Consider the model [1]

$$y_n=X_n\beta_n+\epsilon_n$$ $$\beta_i|\sigma^2,v_i \sim \mathcal{N}(0,\sigma^2 v_i), i=1,\ldots,p$$ $$v_i \sim \beta^\prime(a,b)$$ $$\sigma^2 \sim \mathcal{IG}(c,d)$$

where $\beta^\prime$ is the beta prime distribution and $\mathcal{IG}$ the inverse gamma distribution.

In [1], the authors prove posterior consistency in the high-dimensionality regimes were $p\rightarrow \infty$ as $n\rightarrow \infty$. Is there a way to show posterior consistency for fixed/small $p$ as $n\rightarrow \infty$?

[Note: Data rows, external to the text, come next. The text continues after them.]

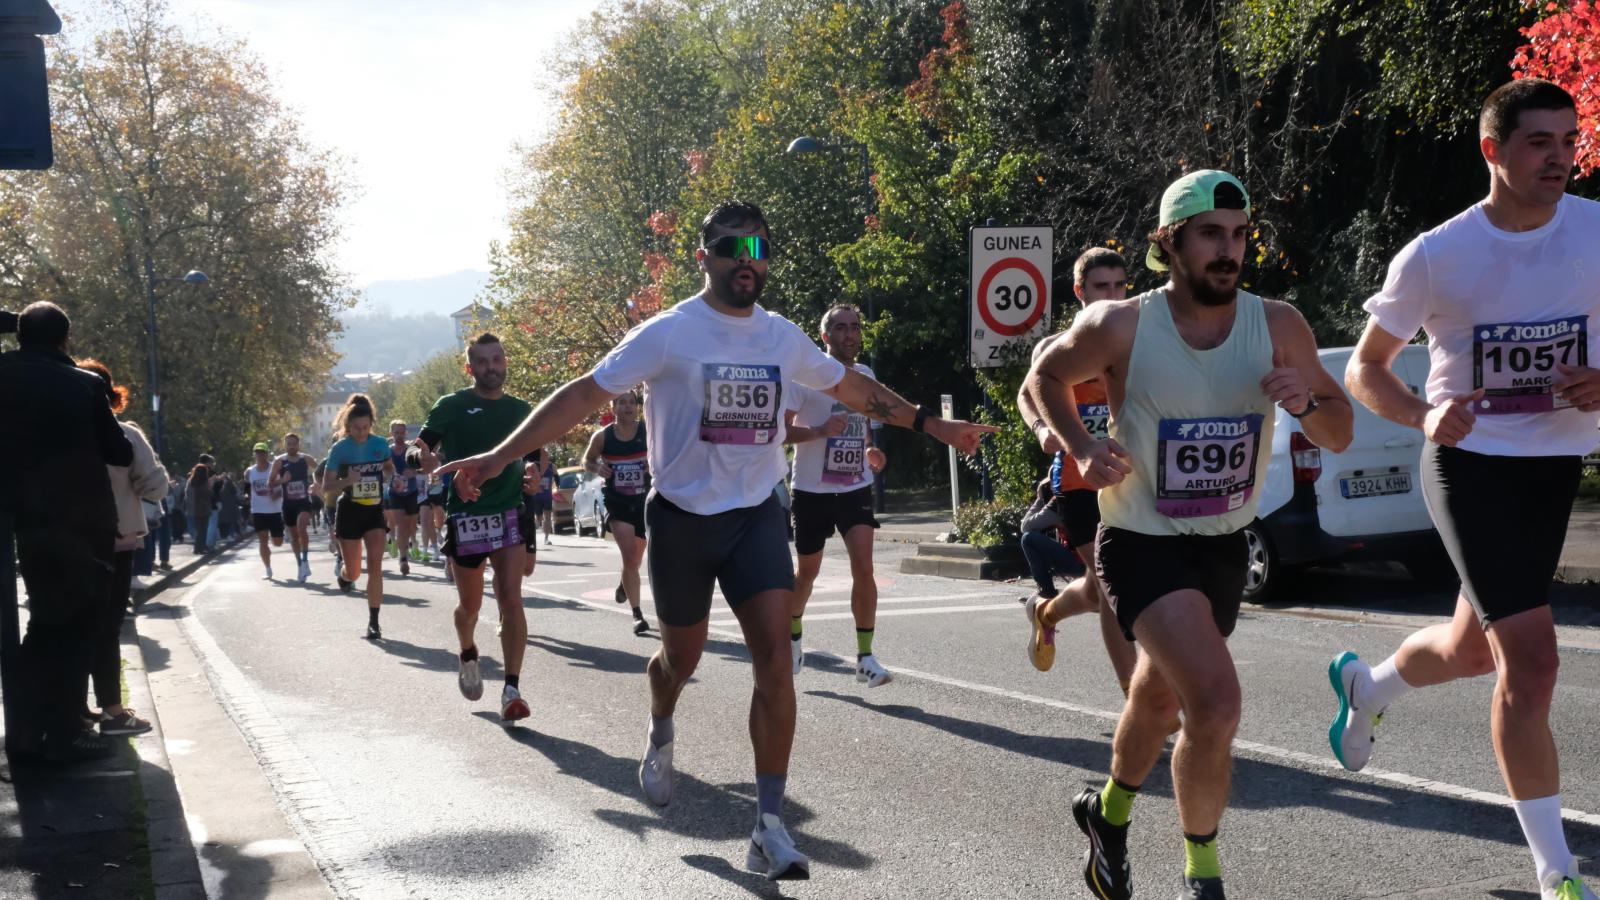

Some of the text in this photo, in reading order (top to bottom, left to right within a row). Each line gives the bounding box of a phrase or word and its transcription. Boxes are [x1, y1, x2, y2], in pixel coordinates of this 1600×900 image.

[984, 236, 1042, 251] GUNEA
[994, 285, 1032, 310] 30
[1485, 337, 1576, 373] 1057
[1512, 376, 1552, 387] MARC
[717, 384, 769, 408] 856
[715, 412, 770, 421] CRISNUNEZ
[833, 450, 861, 464] 805
[1176, 442, 1246, 474] 696
[617, 472, 640, 481] 923
[1185, 475, 1236, 489] ARTURO
[357, 482, 377, 492] 139
[1351, 477, 1408, 494] 3924 KHH
[458, 516, 502, 533] 1313
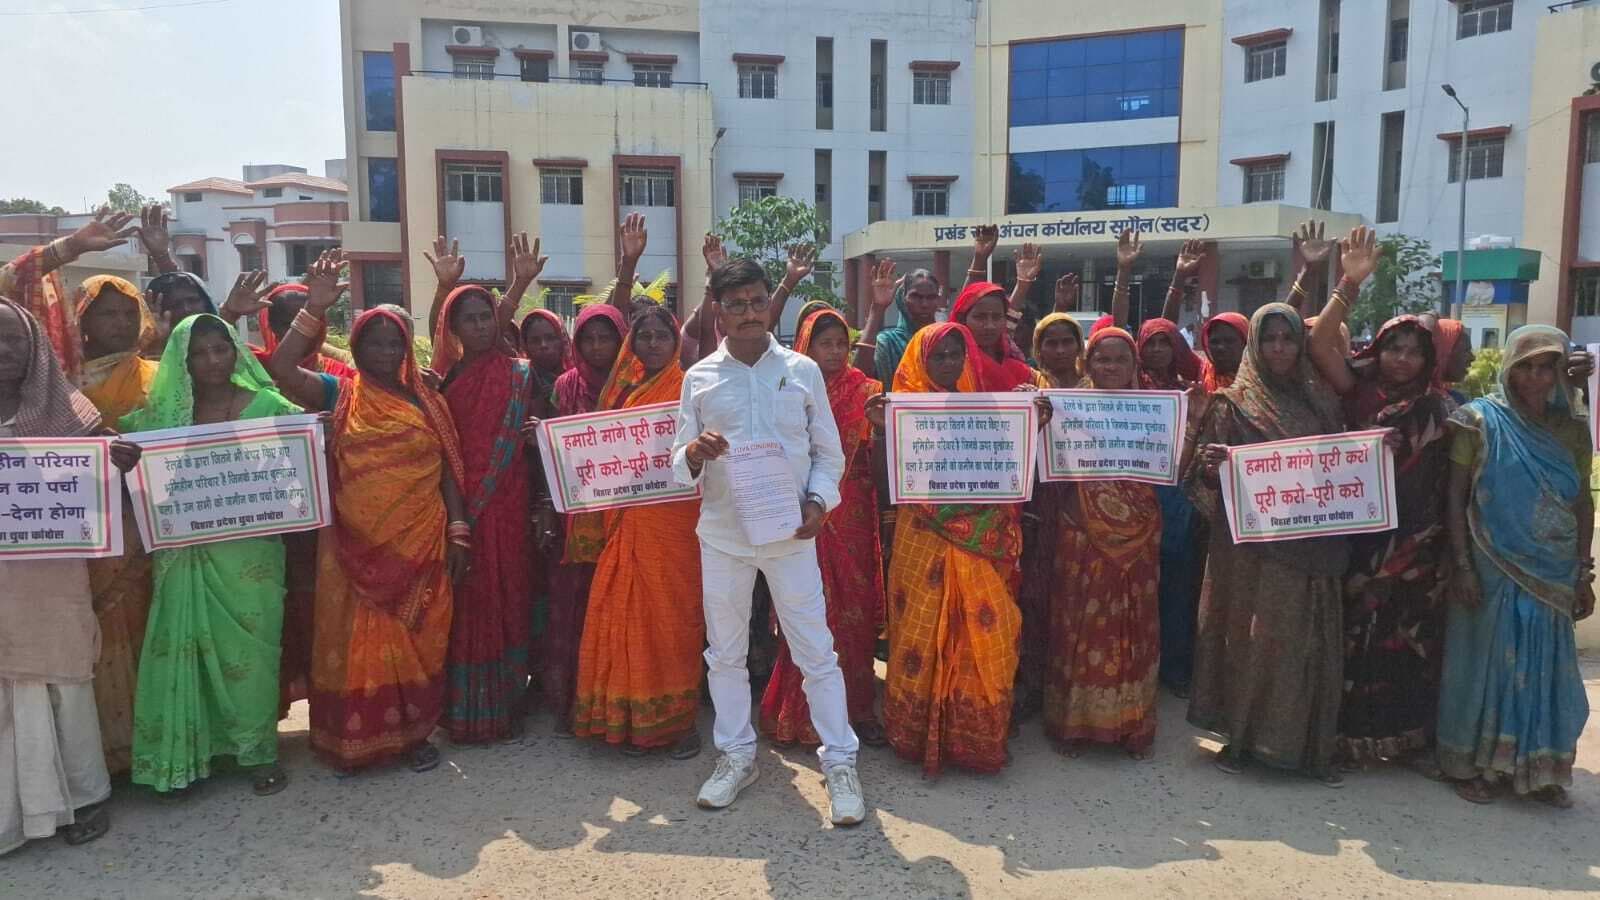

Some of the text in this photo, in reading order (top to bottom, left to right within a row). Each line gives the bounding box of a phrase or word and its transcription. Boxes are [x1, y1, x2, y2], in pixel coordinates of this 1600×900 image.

[934, 224, 968, 243] प्रखंड
[1000, 220, 1039, 239] अंचल
[562, 414, 676, 451] हमारी मांगे पूरी करो
[32, 451, 91, 468] परिवार
[183, 454, 193, 468] के
[576, 459, 597, 485] पूरी
[600, 450, 649, 479] करो-पूरी
[1244, 443, 1369, 476] हमारी मांगे पूरी करो
[16, 482, 40, 494] का
[46, 476, 78, 493] पर्चा
[194, 474, 219, 489] परिवार
[1255, 476, 1365, 513] पूरी करो-पूरी करो
[49, 502, 86, 519] होगा
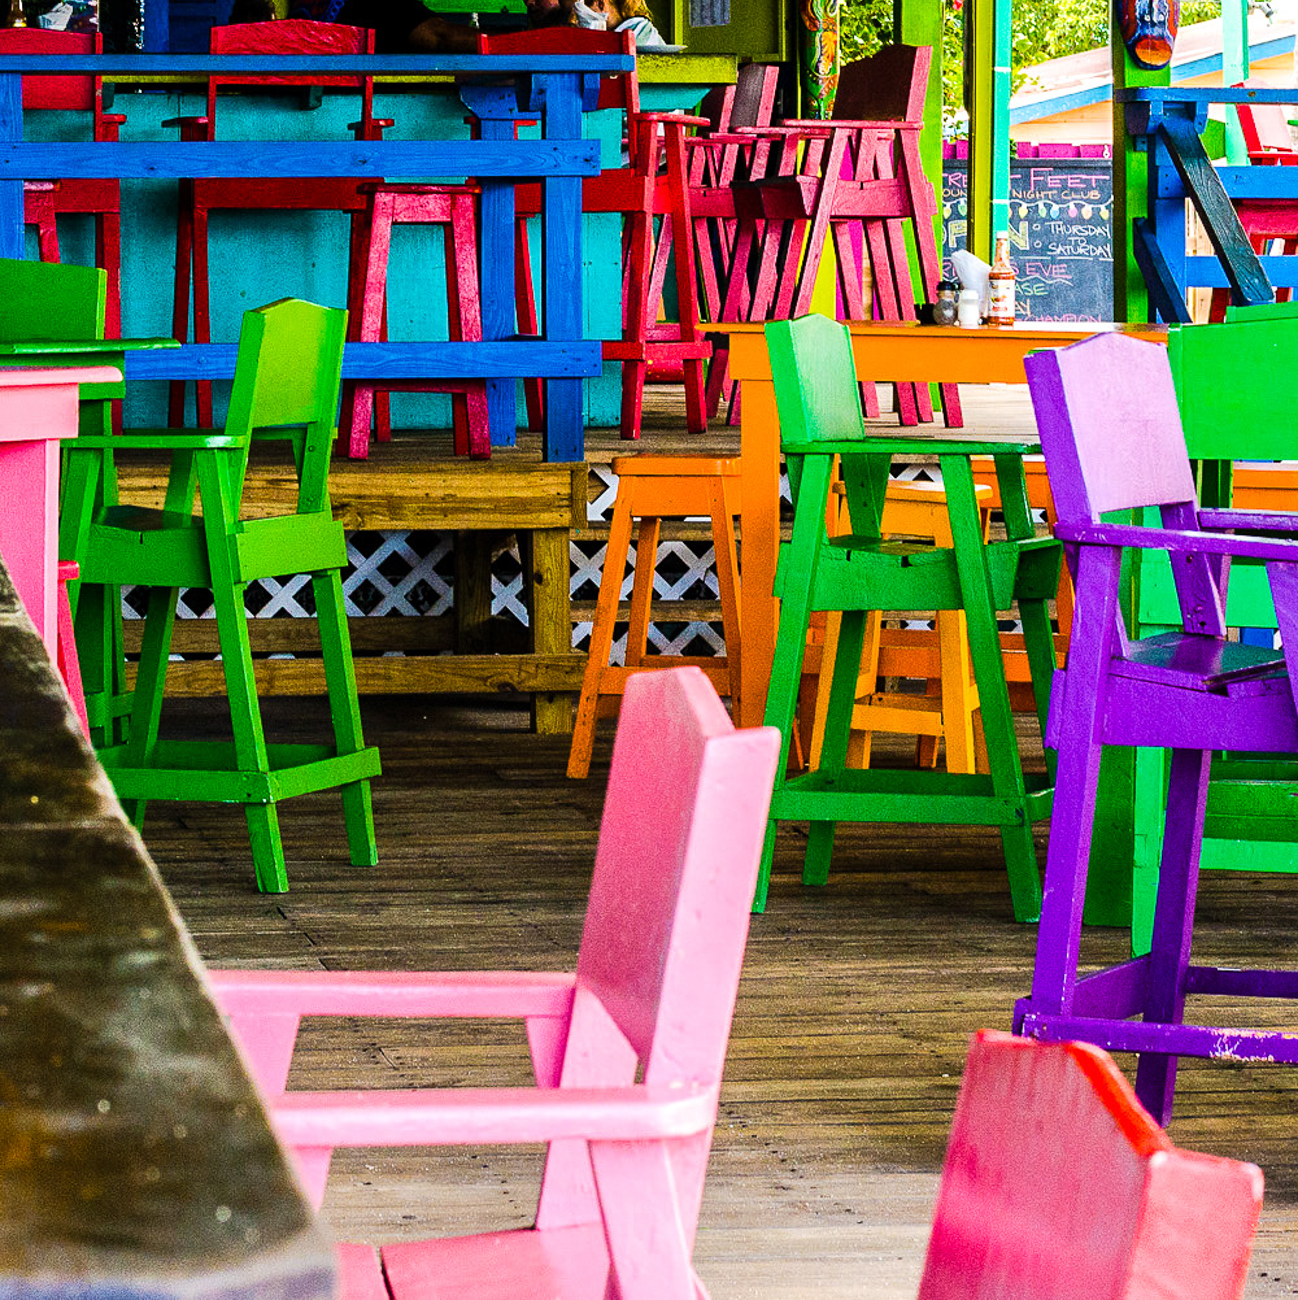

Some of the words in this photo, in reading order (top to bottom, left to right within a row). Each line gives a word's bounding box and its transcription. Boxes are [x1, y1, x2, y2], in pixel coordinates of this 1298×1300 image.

[1030, 167, 1110, 192] FEET
[1012, 189, 1056, 200] NIGHT
[1061, 190, 1101, 200] CLUB
[1045, 221, 1111, 239] THURSDAY
[1047, 242, 1113, 258] SATURDAY
[1026, 262, 1072, 279] EVE

[1] Bai, R. and Ghosh, M., 2021. On the beta prime prior for scale parameters in high-dimensional bayesian regression models. Statistica Sinica, 31(2), pp.843-865.

MrDi
  • 129
  • @SextusEmpiricus, in https://arxiv.org/pdf/1807.06539.pdf the authors set $f$ to be a beta prime prior and prove posterior consistency in high dimension. My question is there a similar prove for fixed/small $p$ with the same prior and or different priors? – MrDi Mar 06 '23 at 21:54
  • @SextusEmpiricus, I think it is very familiar to anyone following the latest research of normal-scale mixture models and posterior consistency. – MrDi Mar 06 '23 at 22:11
  • Rather than answering in the comments, please [edit] your question to include all of this information in the question, so the question is self-contained and people don't have to read the comments, then flag the comments as no longer needed. Ideally, questions should be self-contained so we don't need to find and read some other paper to understand the question. I still don't understand what $v_i \sim f(v_i)$ means or why this is not a circular definition of $v_i$. – D.W. Mar 07 '23 at 00:48
  • Unless the $\beta_i$ values are your data (in which case posterior consistency is asking about $p_n \rightarrow \infty$ by definition) then you appear to be missing a layer of your model. Please amend your question accordingly. – Ben Mar 07 '23 at 01:07
  • 1
    @Ben, I have edited my question. – MrDi Mar 08 '23 at 06:59
  • 1
    @D.W., $f$ is the beta prime distribution. – MrDi Mar 08 '23 at 07:00
  • 1
    @SextusEmpiricus $\beta$ are the coefficients. – MrDi Mar 08 '23 at 07:02
  • The use of $\beta_n$ and $\beta_i$ in the first two equations is still confusing. One needs to read the article to understand that $\beta_n$ is a vector and not just the same as $\beta_i$ with a different subscript. – Sextus Empiricus Mar 08 '23 at 09:02

1 Answers1

0

Based on your reference I believe that you are estimating the vector $\boldsymbol{\beta}$ of size $p_n$ with a posterior distribution based on the observation of the vector $\mathbf{Y}$ of size $n$ in the model $$\mathbf{Y} = \mathbf{X} \boldsymbol{\beta} + \boldsymbol{\epsilon}$$ where $\mathbf{X}$ is a fixed regression matrix $n \times p_n$ matrix. The components $\beta_i$ from the vector $\boldsymbol{\beta}$ have a prior distribution that follows the model that you described.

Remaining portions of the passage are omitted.